Elizabeth Barton--or simply EB--had been missing for a year and two months. She was remembered for her biting wit, harsh retorts, and overabundance of sarcasm. It wasn’t easy to get along with her, but there were a select few who were close to her, and that’s why her disappearance hit as hard as it did.
By now, though, mostly everyone had moved on.
The funeral was an open casket with just photos and one of her beanies inside. It was hard to look at, painful even. The idea that she was still alive, since her body was never found, came about, but it had been dropped for awhile.
EB became a mere memory in the back of the cast’s mind.
But Joan was still hanging onto the memories that she was still there.
Jane told her she needed to move on, and she knew she did, but she just couldn’t. She couldn’t accept the fact that her friend was really gone, that there was no one around to affectionately call her a “weird little creature” or beat up the hybrid-hating racists that sometimes loudly complained at stagedoors. No more warm hugs from giant griffon vulture wings that seemed to envelope her entire body, no more late night flies because nobody else would humor her nocturnal nature, no more wordy retorts that always made her giggle no matter how awful she was feeling.
No more best friend.
It was November, now. Fall was coming into full bloom. It was Anne’s idea to go to the park on their day off, and everyone obliged, knowing that the trip would be a good chance to stretch their wings. Joan hadn’t wanted to go, but Kat had sternly said she needed some fresh air, as she became more and more reclusive ever since EB’s death (not death, not death, she’s not dead, she can’t be--) and rarely ever went out. But she branched off from the group to venture further into the forest, wanting to be alone.

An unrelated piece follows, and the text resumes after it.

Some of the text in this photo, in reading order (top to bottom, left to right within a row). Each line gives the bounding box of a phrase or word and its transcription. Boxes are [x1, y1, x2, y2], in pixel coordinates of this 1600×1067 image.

It’s funny, she thought. She hated the fact that she was alone that EB was now gone, but she hated the company of other people. There was only one avian she wanted, and everyone was sure she wouldn’t ever be coming back.

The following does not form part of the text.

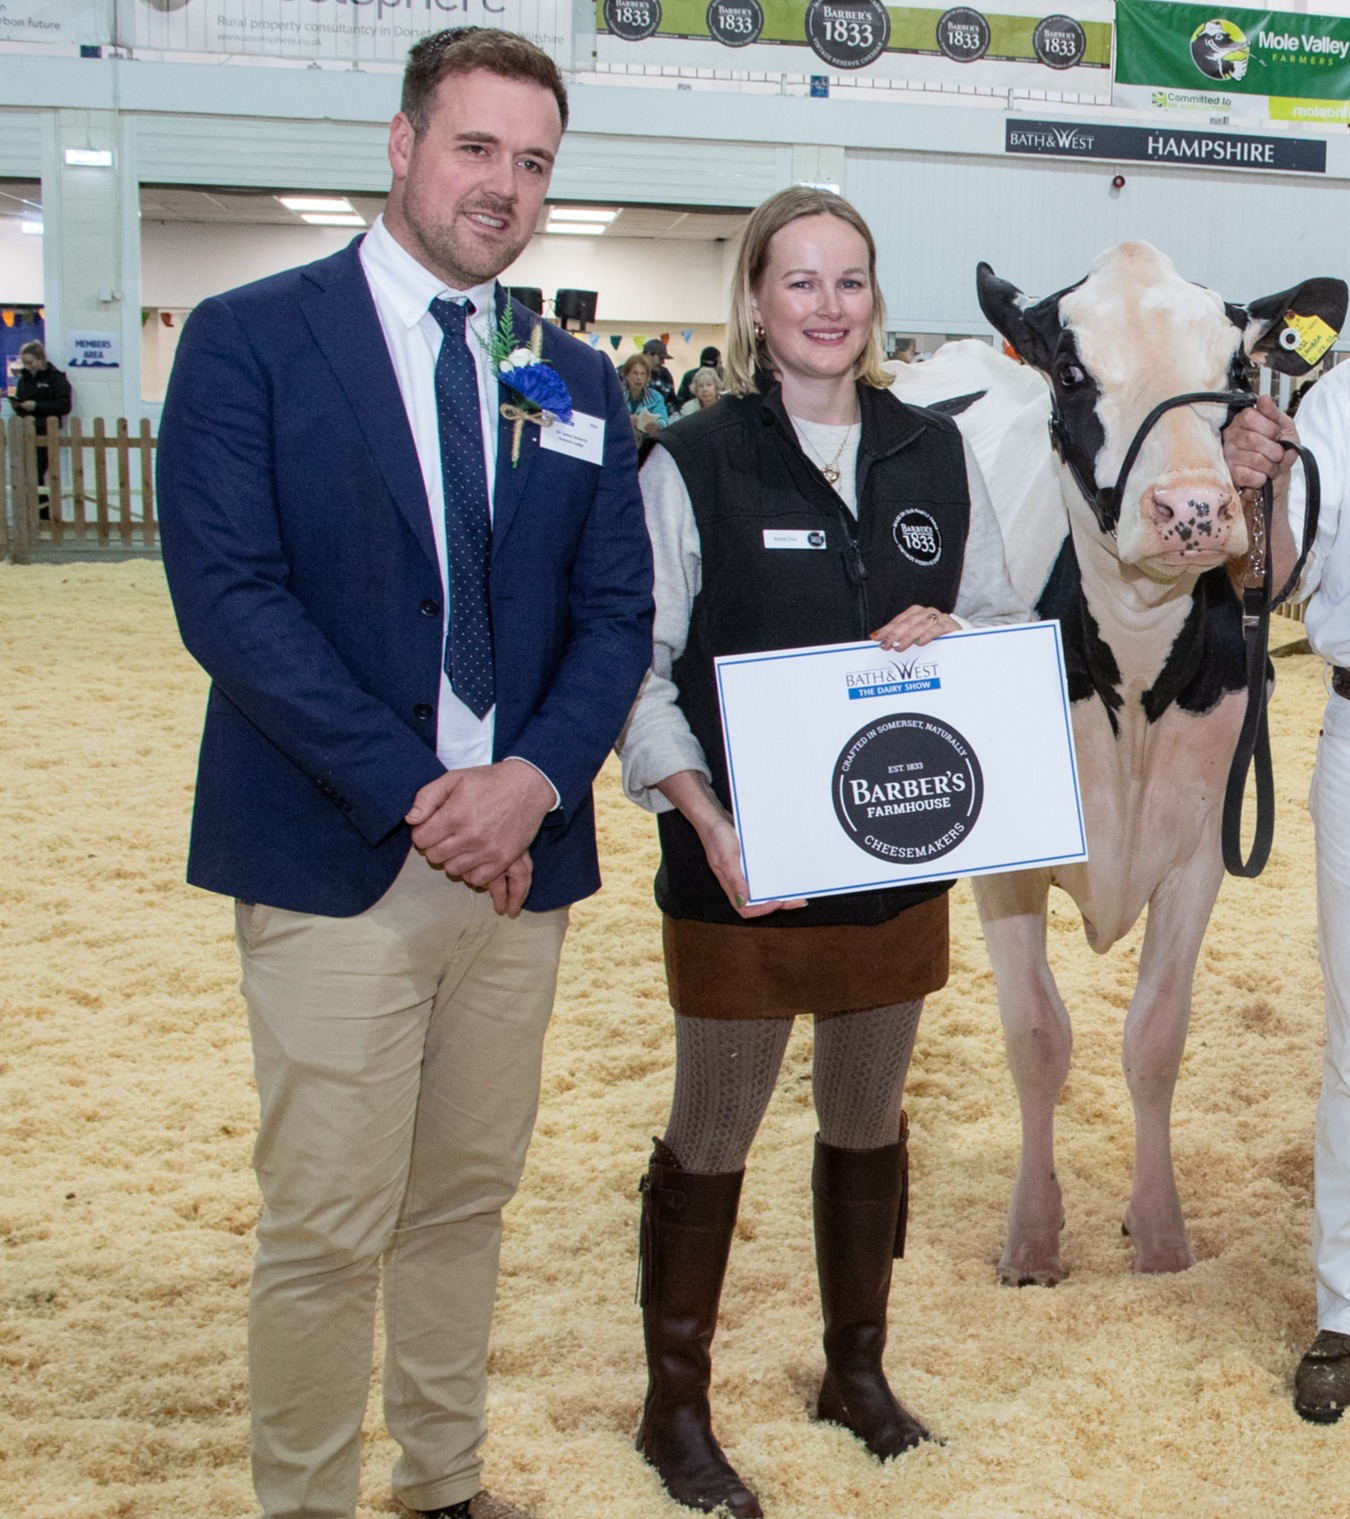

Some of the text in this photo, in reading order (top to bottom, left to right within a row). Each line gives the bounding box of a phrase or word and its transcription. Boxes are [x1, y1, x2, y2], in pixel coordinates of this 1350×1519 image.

Joan spread her wings to the slim slivers of sunlight leaking through the canopy of trees. She used to hate them, but EB said they made her interesting. But now she was back to hating them all over again.
Rustling snapped her out of her trance. Deer jumped out of the underbrush and rushed right past Joan, causing her to leap away and fall on her back. Her wings thrusted outwards in surprise, tail lashing. She rolled over, wincing slightly, then realized the odd behavior of the animals. Deer normally didn’t run towards an avian.
They ran away.
Joan stood up and brushed herself off, ruffling out her feathers to rid them of any dirt. She was still pondering why the deer were acting so weirdly when she heard it.
The squeaking.
Curious and concerned, she tiptoed forward and peeked through the brush. There, only a few feet away, was a doe lying in a pool of its own blood. Its stomach was ripped open, but it was still alive, like whatever had killed it wasn’t interested in eating at the moment. The sight made Joan’s veins turn icy in fear.
What did this?
When she found out, she wished she had just ran off with the rest of the herd.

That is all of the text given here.